* [EXERCISE REQUIREMENTS] Every record must be given again word for word; no picture belongs in the copy.

[Images for object localization]

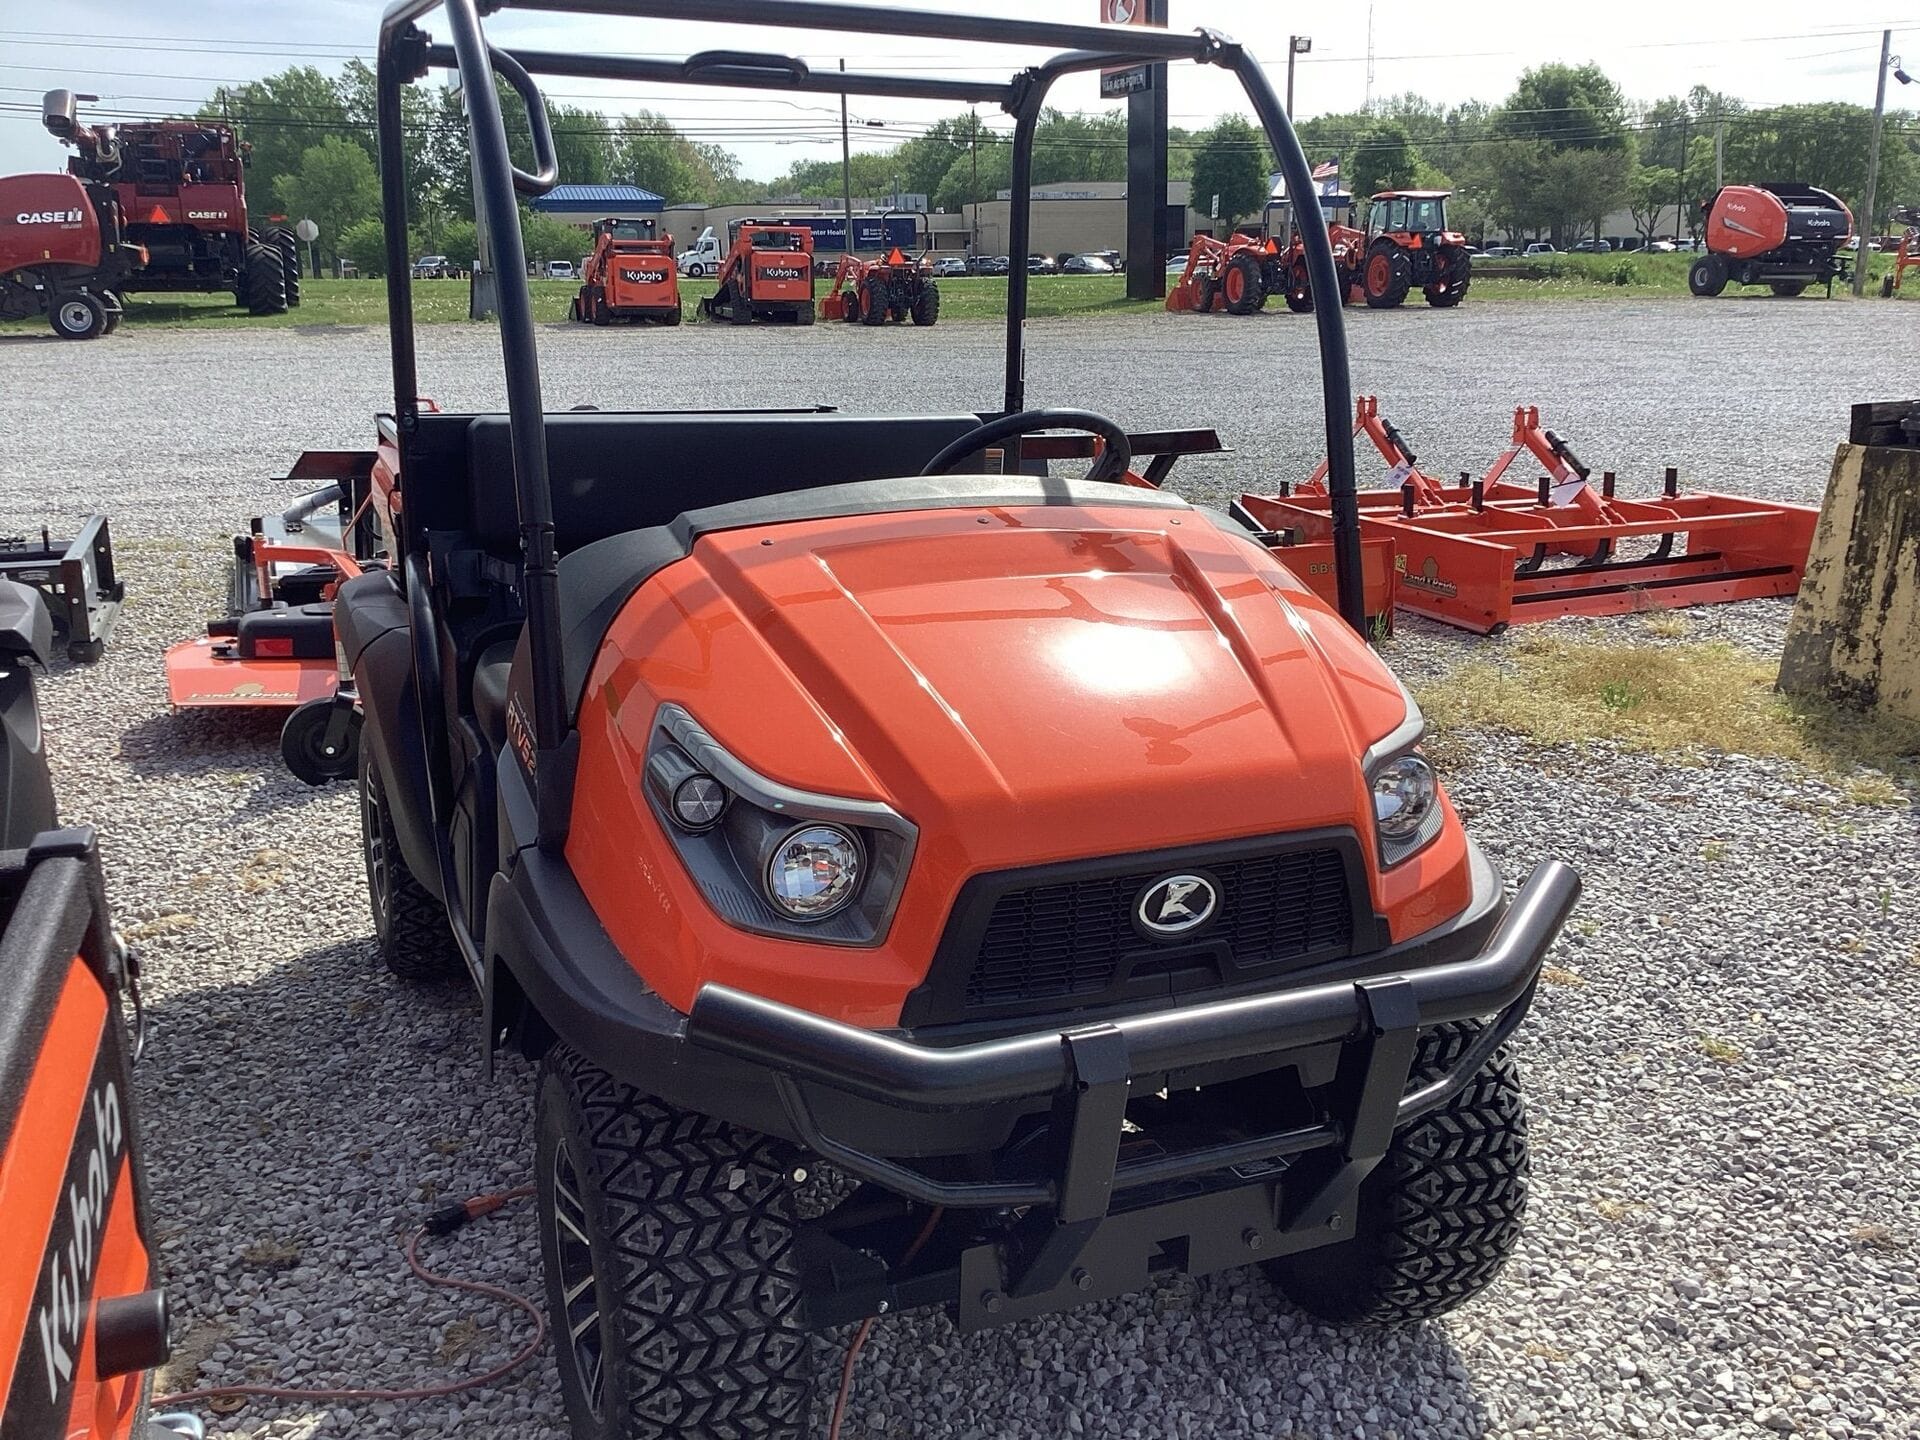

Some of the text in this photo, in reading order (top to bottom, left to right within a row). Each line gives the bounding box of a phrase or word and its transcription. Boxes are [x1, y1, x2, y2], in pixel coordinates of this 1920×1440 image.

[1727, 203, 1747, 213] Kubota
[16, 211, 66, 225] CASE
[188, 211, 217, 219] CASE
[1807, 219, 1831, 227] Kubota
[627, 271, 663, 281] Kubota
[767, 268, 799, 278] Kubota
[39, 1082, 122, 1405] Kubota
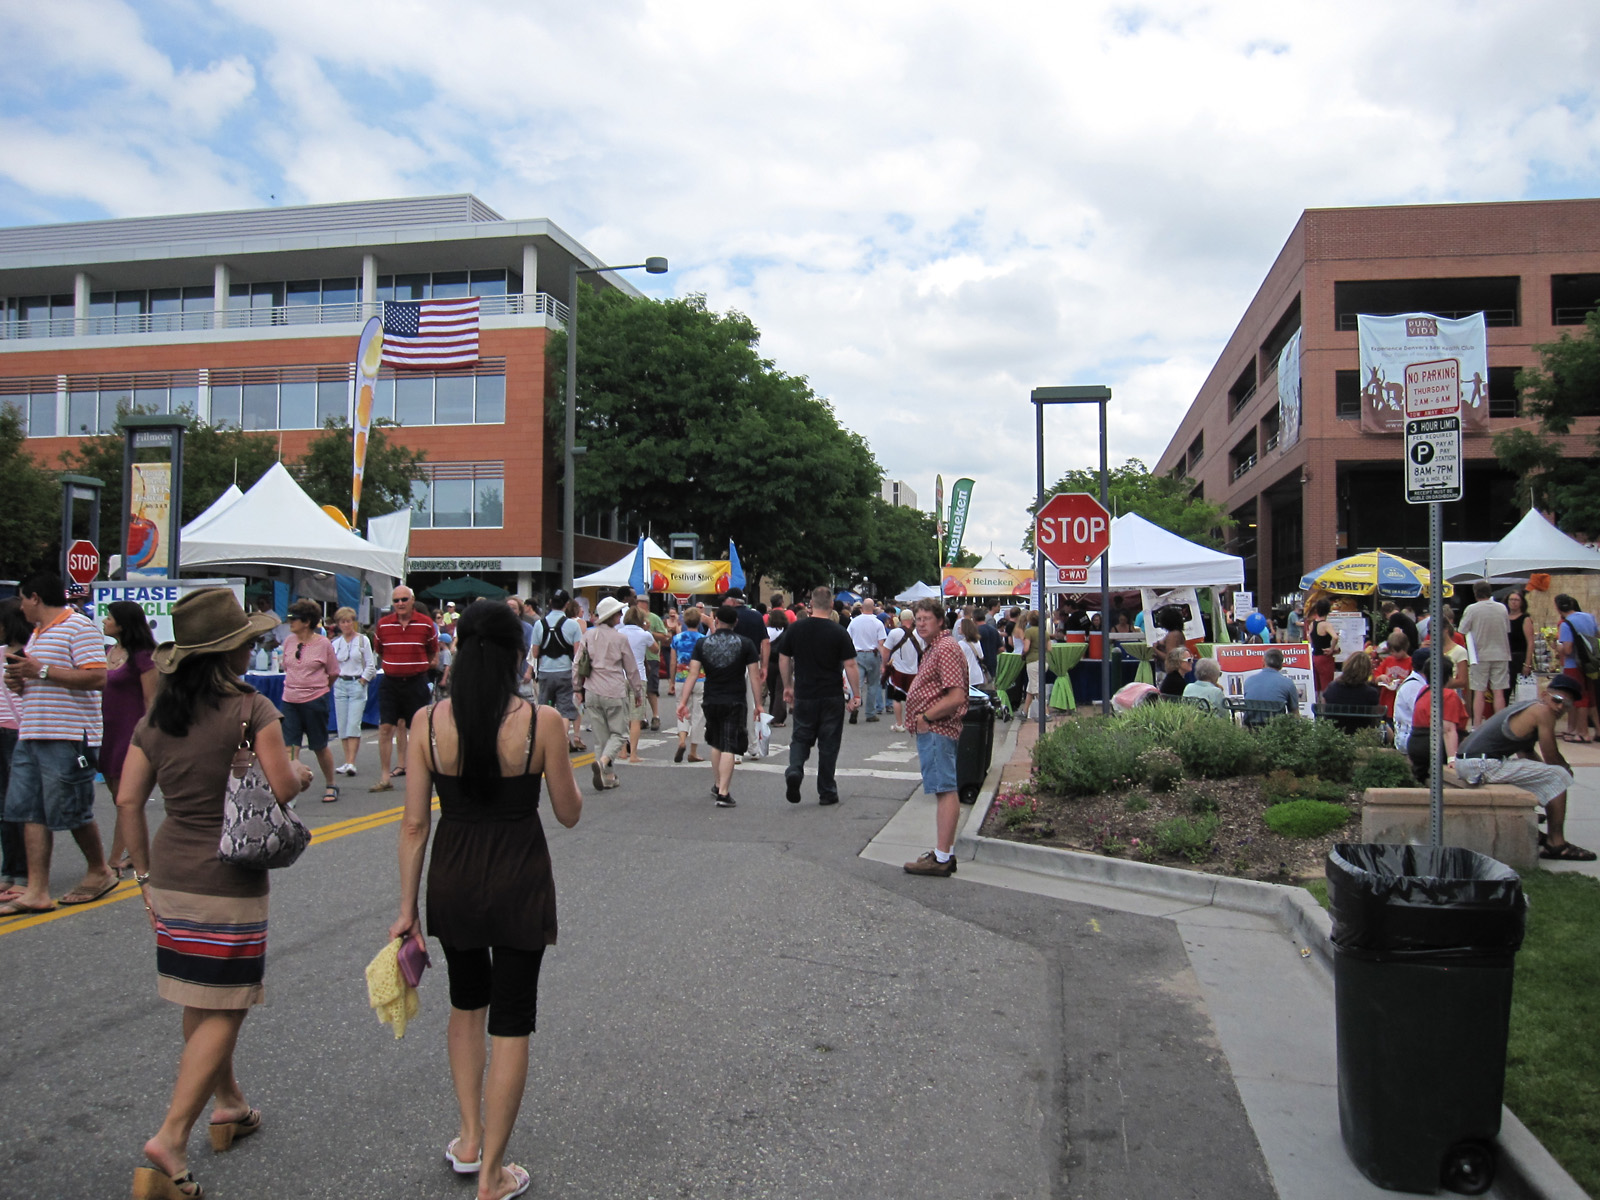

* [SOLUTION FOR THIS PROBLEM]
Some of the text in this photo, in reading order (top to bottom, left to right within a row). Each line gives the bounding box of a phrase or word and its transcription. Boxes are [x1, y1, x2, y2], in pixel coordinates of this 1920×1440 image.

[1727, 203, 1747, 213] Kubota
[16, 211, 66, 225] CASE
[188, 211, 217, 219] CASE
[1807, 219, 1831, 227] Kubota
[627, 271, 663, 281] Kubota
[767, 268, 799, 278] Kubota
[39, 1082, 122, 1405] Kubota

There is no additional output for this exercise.